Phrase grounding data
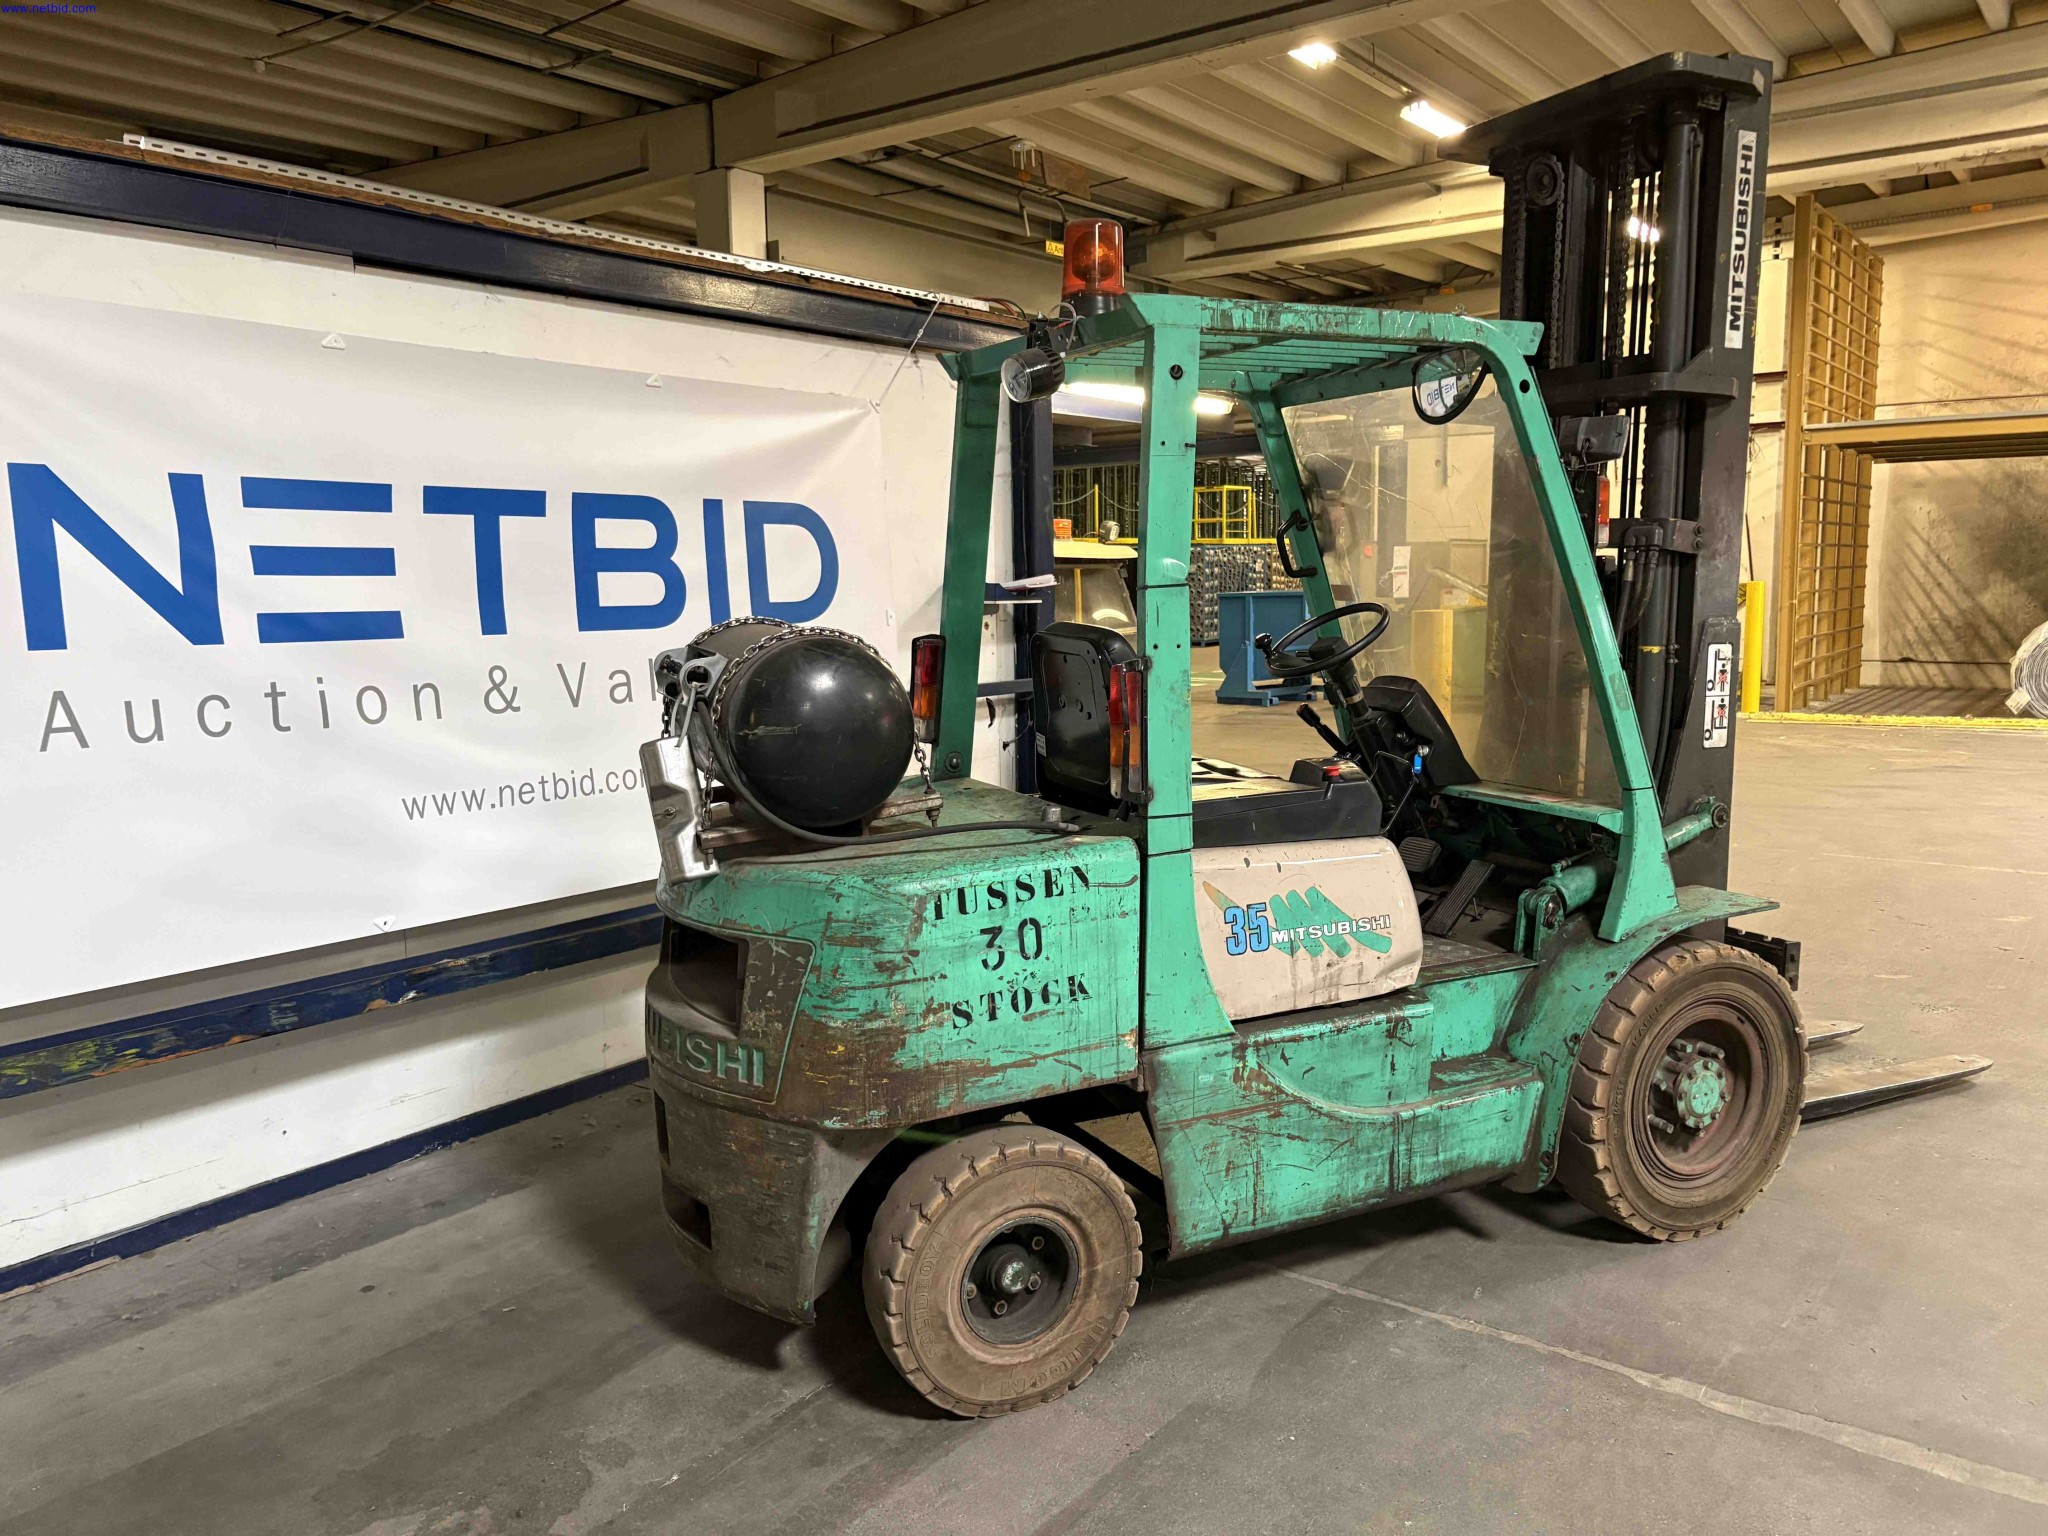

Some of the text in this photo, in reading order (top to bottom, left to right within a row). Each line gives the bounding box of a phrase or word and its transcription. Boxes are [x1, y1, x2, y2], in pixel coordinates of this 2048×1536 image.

[1729, 143, 1754, 332] MITSUBISHI
[7, 462, 840, 651] NETBID
[39, 677, 443, 752] Auction
[483, 664, 521, 714] &
[933, 862, 1091, 921] TUSSEN
[980, 917, 1043, 971] 30
[1224, 902, 1391, 956] 35 MITSUBISHI
[952, 973, 1093, 1029] STOCK
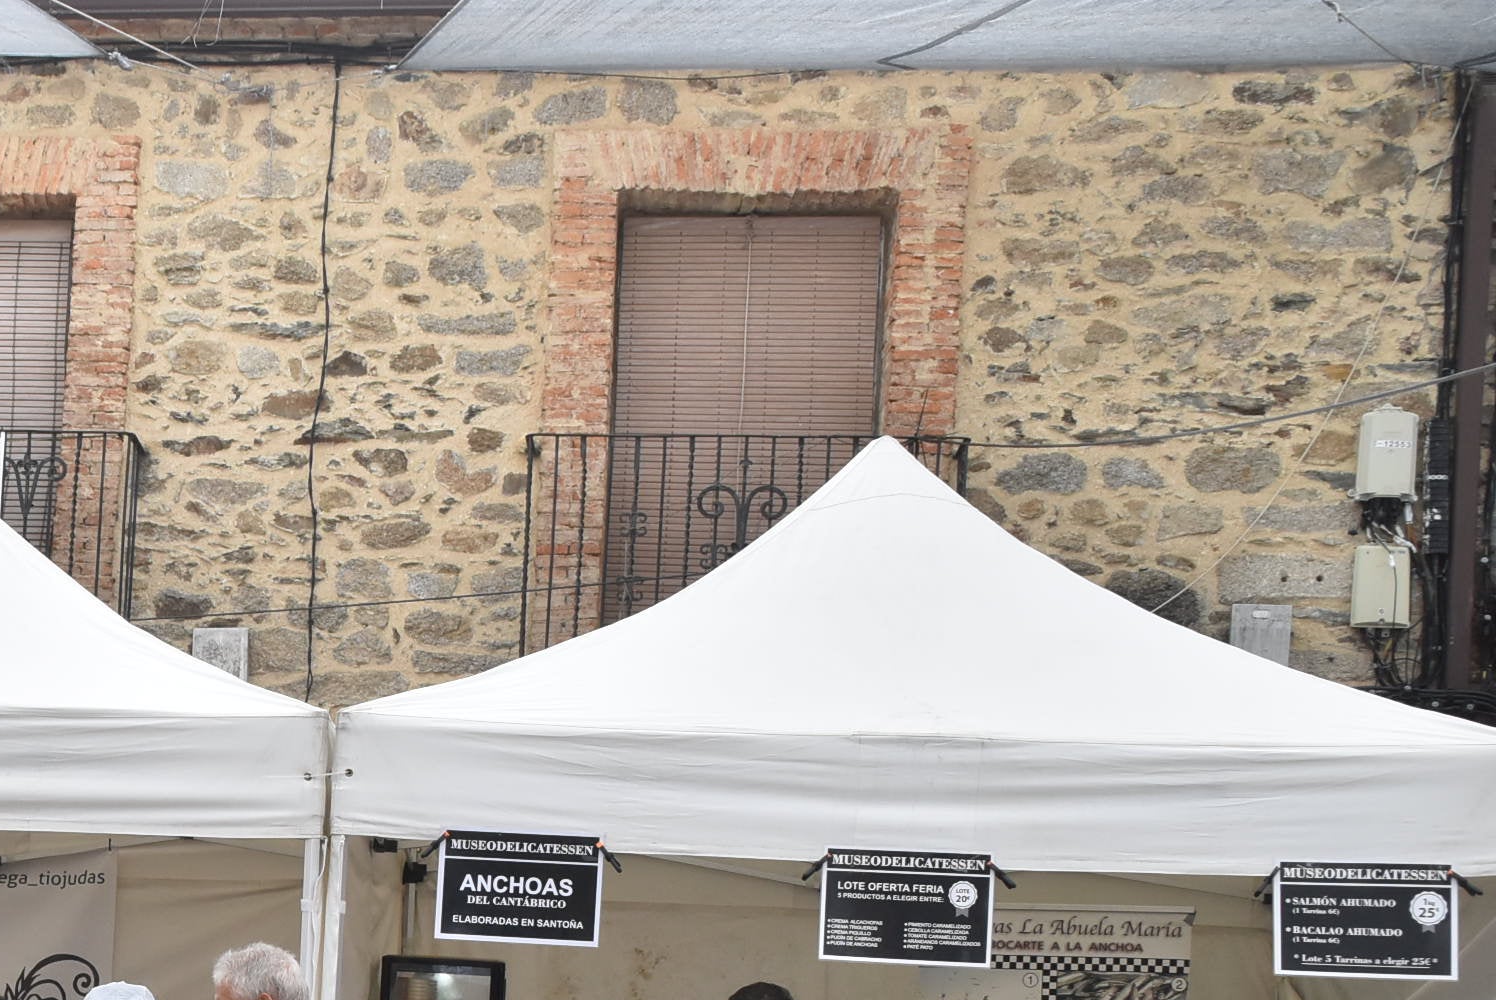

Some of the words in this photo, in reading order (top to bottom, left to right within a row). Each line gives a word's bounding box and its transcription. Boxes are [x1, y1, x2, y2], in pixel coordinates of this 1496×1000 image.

[451, 839, 594, 856] MUSEODELICATESSEN
[832, 854, 986, 871] MUSEODELICATESSEN
[1284, 867, 1447, 881] MUSEODELICATESSEN
[459, 874, 574, 897] ANCHOAS
[837, 881, 865, 890] LOTE
[868, 882, 910, 892] OFERTA
[913, 884, 944, 894] FERIA
[467, 895, 490, 905] DEL
[493, 896, 566, 909] CANTÁBRICO
[1292, 896, 1336, 906] SALMÓN
[1339, 898, 1396, 907] AHUMADO
[453, 914, 518, 926] ELABORADAS
[521, 918, 534, 927] EN
[537, 919, 583, 929] SANTOÑA
[1019, 918, 1043, 935] La
[1051, 916, 1114, 936] Abuela
[1121, 920, 1183, 938] María
[1292, 926, 1343, 936] BACALAO
[1346, 927, 1403, 937] AHUMADO
[1050, 941, 1059, 951] A
[1066, 941, 1082, 951] LA
[1090, 942, 1144, 953] ANCHOA
[1302, 954, 1323, 963] Lote
[1325, 955, 1332, 963] 5
[1411, 958, 1431, 966] 25€
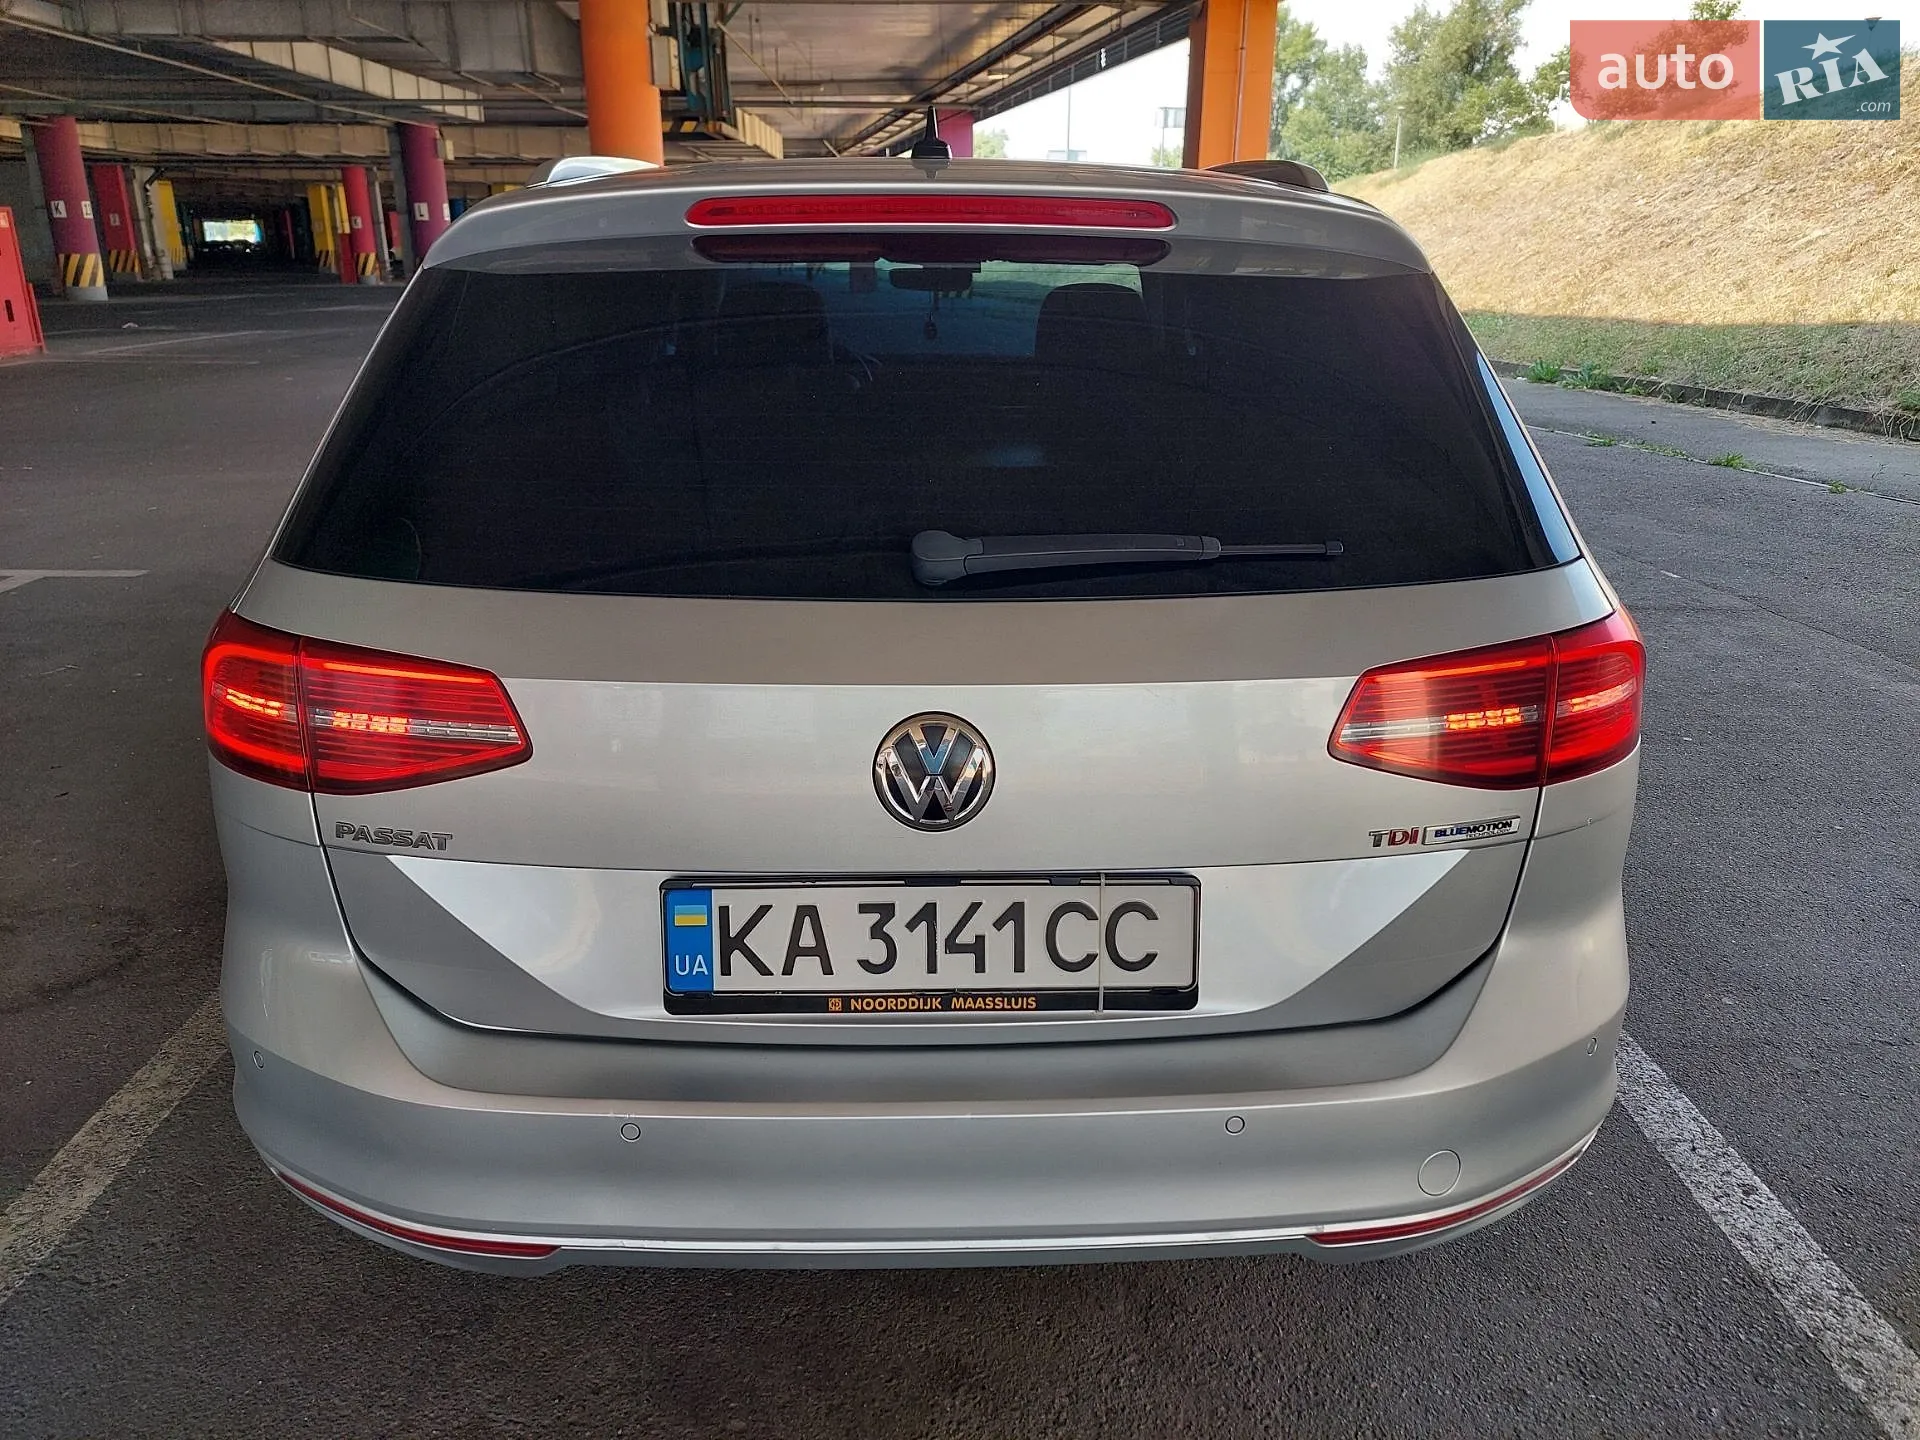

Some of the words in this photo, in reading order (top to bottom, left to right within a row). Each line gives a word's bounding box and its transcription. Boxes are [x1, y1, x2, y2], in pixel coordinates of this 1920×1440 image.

[335, 821, 453, 851] PASSAT
[1368, 827, 1420, 848] TDI
[1434, 820, 1512, 838] BLUEMOTION
[674, 953, 709, 976] UA
[850, 997, 942, 1011] NOORDDIJK
[950, 996, 1037, 1011] MAASSLUIS

:: Work request ::
From the entries above, write out every line without a single change, skipping the images.

:: Task solution ::
Some of the text in this photo, in reading order (top to bottom, left to right within a row). Each line gives the bounding box of a phrase or word and its transcription. Boxes are [x1, y1, x2, y2], in pixel coordinates of this 2048×1536 image.

[1729, 143, 1754, 332] MITSUBISHI
[7, 462, 840, 651] NETBID
[39, 677, 443, 752] Auction
[483, 664, 521, 714] &
[933, 862, 1091, 921] TUSSEN
[980, 917, 1043, 971] 30
[1224, 902, 1391, 956] 35 MITSUBISHI
[952, 973, 1093, 1029] STOCK

Some of the words in this photo, in reading order (top to bottom, left to right within a row). Each line gives a word's bounding box and its transcription. Boxes are [x1, y1, x2, y2], in pixel coordinates of this 1496×1000 image.

[451, 839, 594, 856] MUSEODELICATESSEN
[832, 854, 986, 871] MUSEODELICATESSEN
[1284, 867, 1447, 881] MUSEODELICATESSEN
[459, 874, 574, 897] ANCHOAS
[837, 881, 865, 890] LOTE
[868, 882, 910, 892] OFERTA
[913, 884, 944, 894] FERIA
[467, 895, 490, 905] DEL
[493, 896, 566, 909] CANTÁBRICO
[1292, 896, 1336, 906] SALMÓN
[1339, 898, 1396, 907] AHUMADO
[453, 914, 518, 926] ELABORADAS
[521, 918, 534, 927] EN
[537, 919, 583, 929] SANTOÑA
[1019, 918, 1043, 935] La
[1051, 916, 1114, 936] Abuela
[1121, 920, 1183, 938] María
[1292, 926, 1343, 936] BACALAO
[1346, 927, 1403, 937] AHUMADO
[1050, 941, 1059, 951] A
[1066, 941, 1082, 951] LA
[1090, 942, 1144, 953] ANCHOA
[1302, 954, 1323, 963] Lote
[1325, 955, 1332, 963] 5
[1411, 958, 1431, 966] 25€

Some of the words in this photo, in reading order (top to bottom, left to right within a row). Each line gives a word's bounding box and its transcription. Boxes are [x1, y1, x2, y2], in pixel coordinates of this 1920×1440 image.

[335, 821, 453, 851] PASSAT
[1368, 827, 1420, 848] TDI
[1434, 820, 1512, 838] BLUEMOTION
[674, 953, 709, 976] UA
[850, 997, 942, 1011] NOORDDIJK
[950, 996, 1037, 1011] MAASSLUIS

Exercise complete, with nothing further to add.